A. Référence de la décision
- Cour de cassation,
- Ordonnance du 15 Octobre 2013
- Numéro d’inscription au répertoire général : 13-14.594
B. Parties
- Appelante : Société Garoucha
- Intimée : Conseil constitutionnel
C. Contexte et objet de la décision
- Pourvoi formé contre l’arrêt rendu le 15 novembre 2012 par la cour d’appel d’Aix-en-Provence.
- Proposition de renvoi au Conseil constitutionnel concernant la conformité de l’article 265 B du code des douanes.
D. Moyens des parties
- Contestations portant sur :
- La méconnaissance par le législateur de sa compétence (article 34 de la Constitution).
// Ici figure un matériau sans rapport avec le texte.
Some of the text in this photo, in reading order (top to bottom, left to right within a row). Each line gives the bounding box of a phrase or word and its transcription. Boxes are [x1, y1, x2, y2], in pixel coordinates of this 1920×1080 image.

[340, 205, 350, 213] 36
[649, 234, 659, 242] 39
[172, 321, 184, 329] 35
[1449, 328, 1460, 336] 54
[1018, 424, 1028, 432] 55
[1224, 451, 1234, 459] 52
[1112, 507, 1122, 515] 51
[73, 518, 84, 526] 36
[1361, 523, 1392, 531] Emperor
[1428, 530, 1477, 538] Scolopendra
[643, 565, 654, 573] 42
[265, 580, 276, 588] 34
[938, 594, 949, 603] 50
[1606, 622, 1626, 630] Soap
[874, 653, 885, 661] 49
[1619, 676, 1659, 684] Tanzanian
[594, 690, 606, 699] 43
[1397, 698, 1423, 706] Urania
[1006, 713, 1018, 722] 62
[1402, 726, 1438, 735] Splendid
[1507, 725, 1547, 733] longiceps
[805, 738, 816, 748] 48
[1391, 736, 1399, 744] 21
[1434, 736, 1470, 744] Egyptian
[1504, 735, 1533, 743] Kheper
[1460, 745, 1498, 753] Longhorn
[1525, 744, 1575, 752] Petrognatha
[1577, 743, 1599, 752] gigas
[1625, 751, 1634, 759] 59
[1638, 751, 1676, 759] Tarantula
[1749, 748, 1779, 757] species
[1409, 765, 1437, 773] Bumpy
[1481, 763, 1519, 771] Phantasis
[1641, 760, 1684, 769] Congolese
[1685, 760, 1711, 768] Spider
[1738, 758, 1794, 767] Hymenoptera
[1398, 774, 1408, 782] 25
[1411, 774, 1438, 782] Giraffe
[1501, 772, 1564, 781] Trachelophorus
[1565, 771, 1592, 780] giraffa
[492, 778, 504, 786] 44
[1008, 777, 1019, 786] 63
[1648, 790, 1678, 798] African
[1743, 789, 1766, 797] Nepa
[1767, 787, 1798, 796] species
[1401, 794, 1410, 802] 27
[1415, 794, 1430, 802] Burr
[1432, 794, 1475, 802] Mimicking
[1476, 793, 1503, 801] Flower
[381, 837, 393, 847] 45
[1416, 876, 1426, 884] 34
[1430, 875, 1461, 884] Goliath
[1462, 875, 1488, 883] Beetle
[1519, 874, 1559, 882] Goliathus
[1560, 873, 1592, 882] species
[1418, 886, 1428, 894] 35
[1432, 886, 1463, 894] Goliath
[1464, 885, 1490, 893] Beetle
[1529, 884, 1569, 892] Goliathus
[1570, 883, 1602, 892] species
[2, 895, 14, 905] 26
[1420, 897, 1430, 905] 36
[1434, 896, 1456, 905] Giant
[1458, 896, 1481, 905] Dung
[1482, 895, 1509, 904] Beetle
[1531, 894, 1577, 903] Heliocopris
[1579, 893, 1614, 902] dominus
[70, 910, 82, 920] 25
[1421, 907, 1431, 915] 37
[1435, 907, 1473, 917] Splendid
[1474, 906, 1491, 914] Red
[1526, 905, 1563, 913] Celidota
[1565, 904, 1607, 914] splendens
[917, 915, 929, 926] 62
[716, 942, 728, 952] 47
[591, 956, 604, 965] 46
- Les atteintes aux articles 2, 4, 7, 8 et 9 de la Déclaration des droits de l’homme et du citoyen.
E. Réponse de la Cour
- Rejet des demandes de renvoi au Conseil constitutionnel :
- La question n’est pas nouvelle et n’a pas de caractère sérieux.
- Les dispositions de l’article 265 B doivent être interprétées en lien avec l’article 265 du code des douanes.
- Les mesures prévues sont justifiées pour prévenir la fraude fiscale et ne portent pas atteinte de manière disproportionnée à la liberté d’entreprendre.
- L’article 265 B ne définit aucune infraction ni ne prévoit de sanction pénale.
F. Conclusion
- La Cour de cassation décide qu’il n’y a pas lieu de renvoyer la question prioritaire de constitutionnalité au Conseil constitutionnel.